Para una sociedad cambiante como la nuestra, que vuelve al principio de que el sistema de educación influye toda la formación de los ciudadanos, desde mi punto de vista, han de considerarse dos direcciones:

  • Formación general: el profesional debe entender situaciones humanas que evolucionan de forma impredecible, pero cuya gestión debe ser proporcionada por el progreso de la ciencia.
  • Formación específica: tiene que promover la capacidad de la mayoría cualificada para el empleo, la capacidad de mostrar la relación entre la ciencia y el progreso humano, el desarrollo de la autonomía permanente y un desarrollo científico y tecnológico coherente que conduce a una cultura de la innovación.

La educación en enfermería, a pesar de pasar ahora por momentos difíciles (en parte debido a la situación social) ha sido uno de los pilares del desarrollo de la profesión enfermera.

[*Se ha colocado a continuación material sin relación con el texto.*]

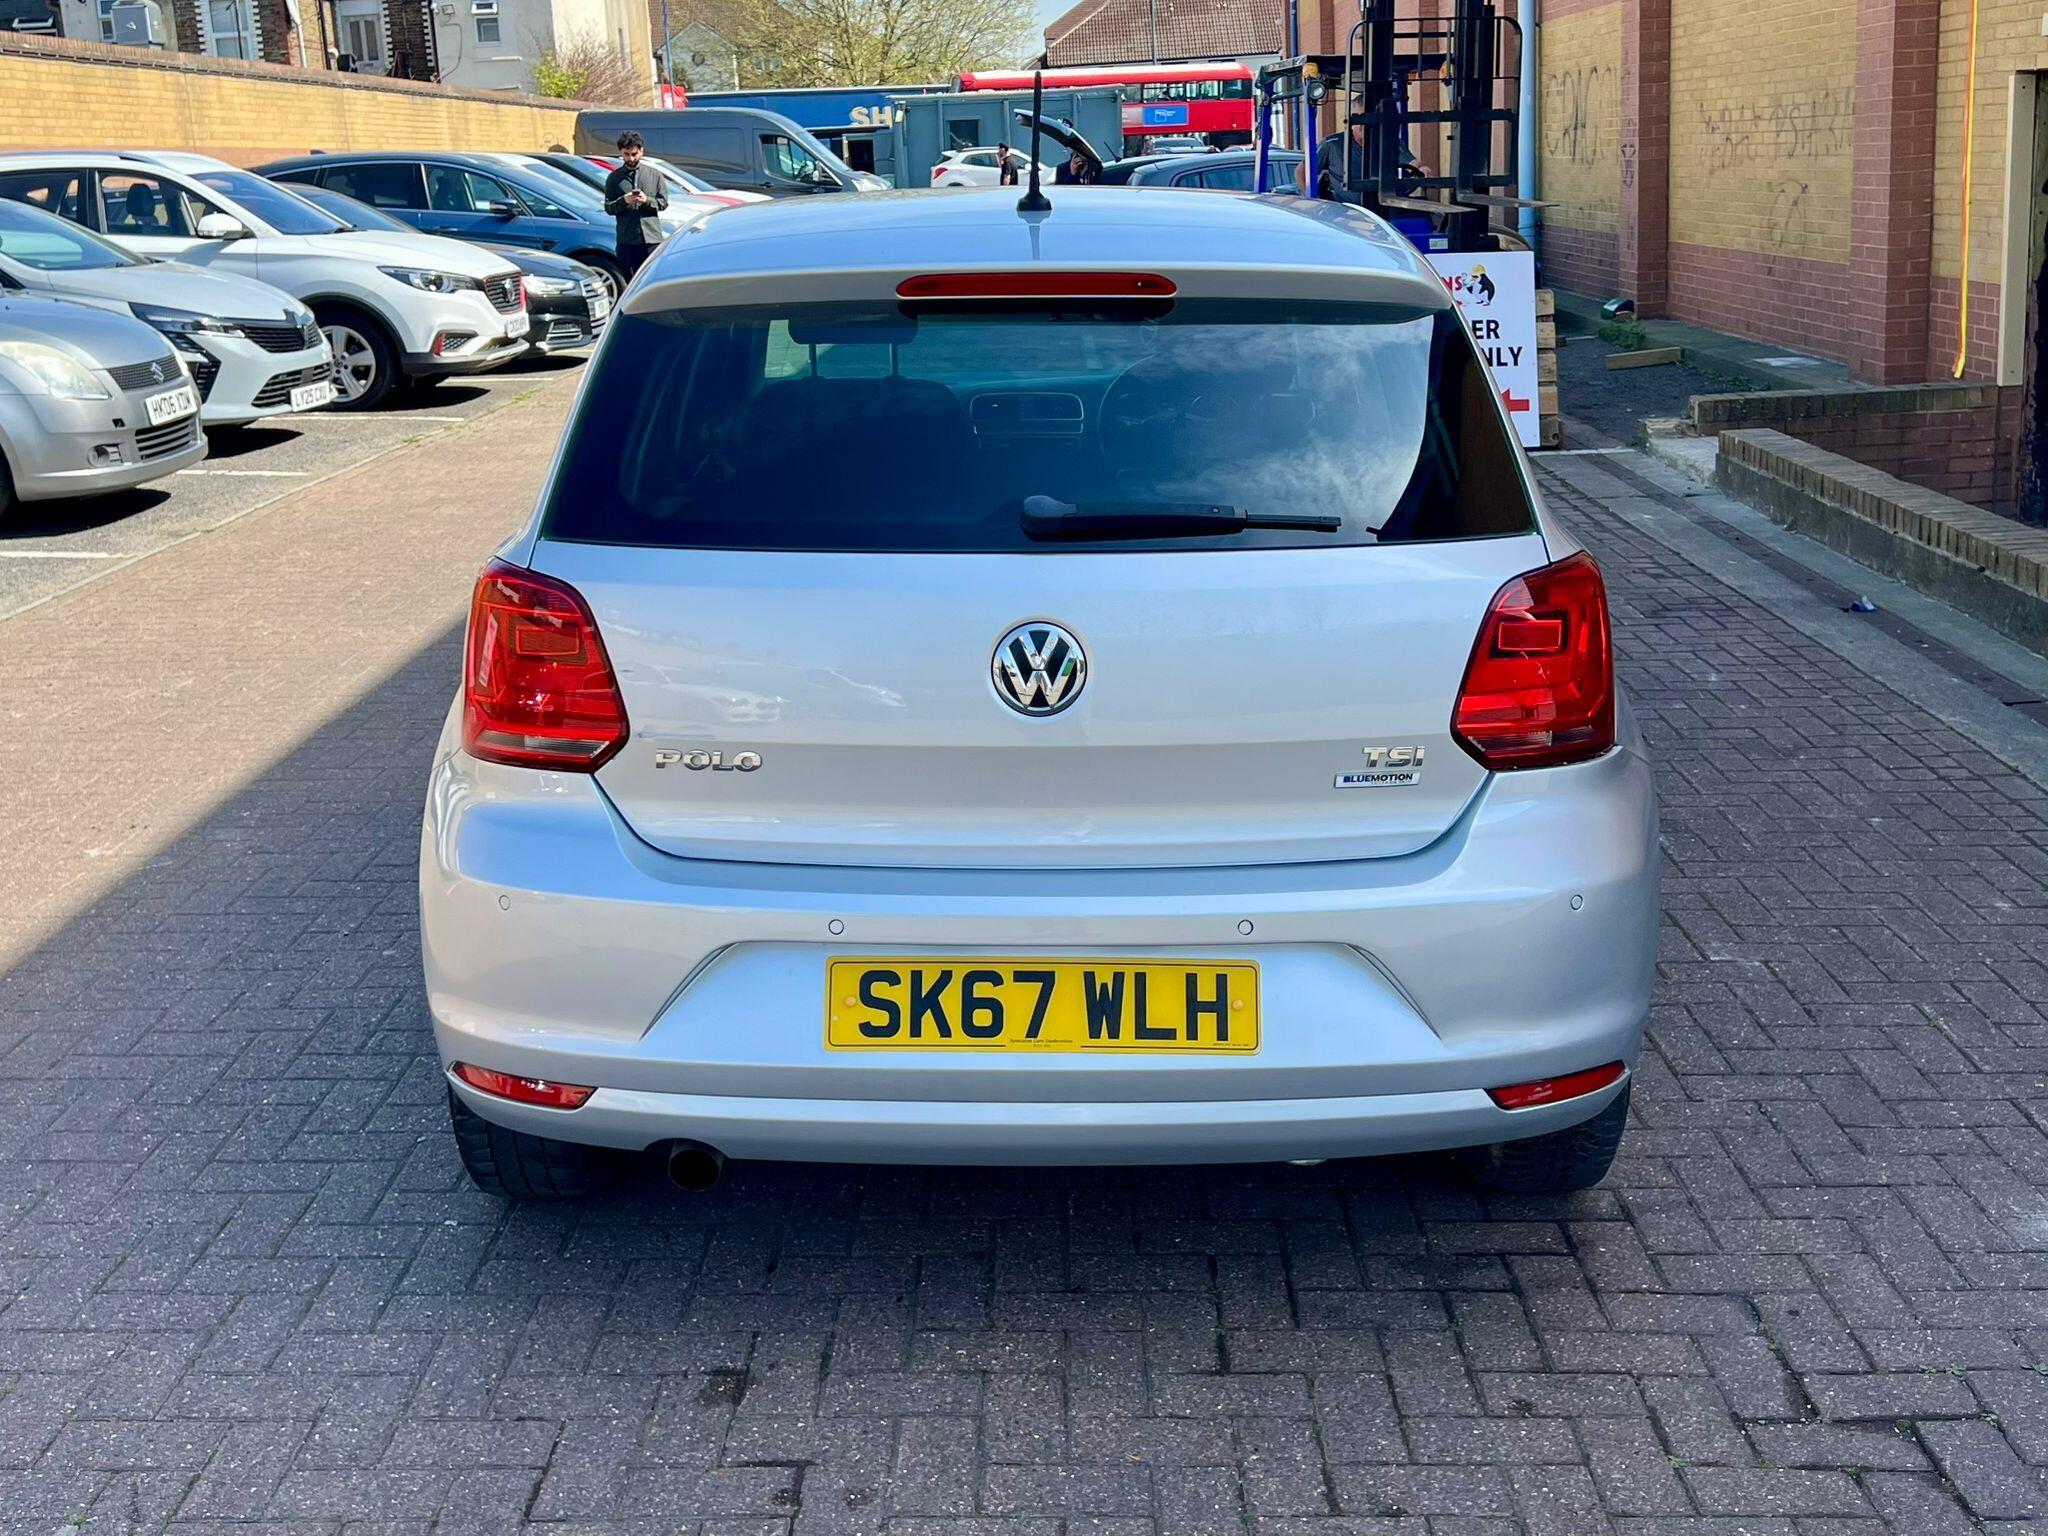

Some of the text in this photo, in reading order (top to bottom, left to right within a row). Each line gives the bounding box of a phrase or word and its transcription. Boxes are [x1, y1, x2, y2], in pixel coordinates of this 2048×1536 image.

Pero hay un largo camino para recorrer, donde se cruzan los desarrollos de las instituciones de salud, de las instituciones educativas, de las organizaciones profesionales, el rol social de la profesión y su visibilidad y su dimensión europea; todo se presenta determinante para la enseñanza y para la profesión, por todo esto tengo mucha esperanza en el futuro de las enfermeras, de la enfermería, de las prácticas profesionales y de la formación.

Bibliografía

  1. Agência de Avaliaçao e Acreditaçao do Ensino Superior. O que é a Á3Es. En línea, acceso 24 septiembre 2014. URL disponible en www.a3es.pt
  2. Hesbeen W. Cuidar no hospital. Enquadrar os cuidados de enfermagem numa perspetiva de cuidar. Lisboa: Lusociência; 2000.
  3. Paterson J, Zderad L. Humanistic Nursing. New York: Wiley and Sons; 1979.
  4. Standards and Guidelines for Quality Assurance in the European Higher Education Area. Helsinki: ENQA; 2005.
  5. Aiken L, Sloane DM, Bruyneel MS, Van den Heede K, Griffiths P, Reinhard Busse MD. Nurse Staffing and Education and hospital mortality in nine Europeans countries: a retrospective study. The Lancet; 2014, (383) 1824-1830.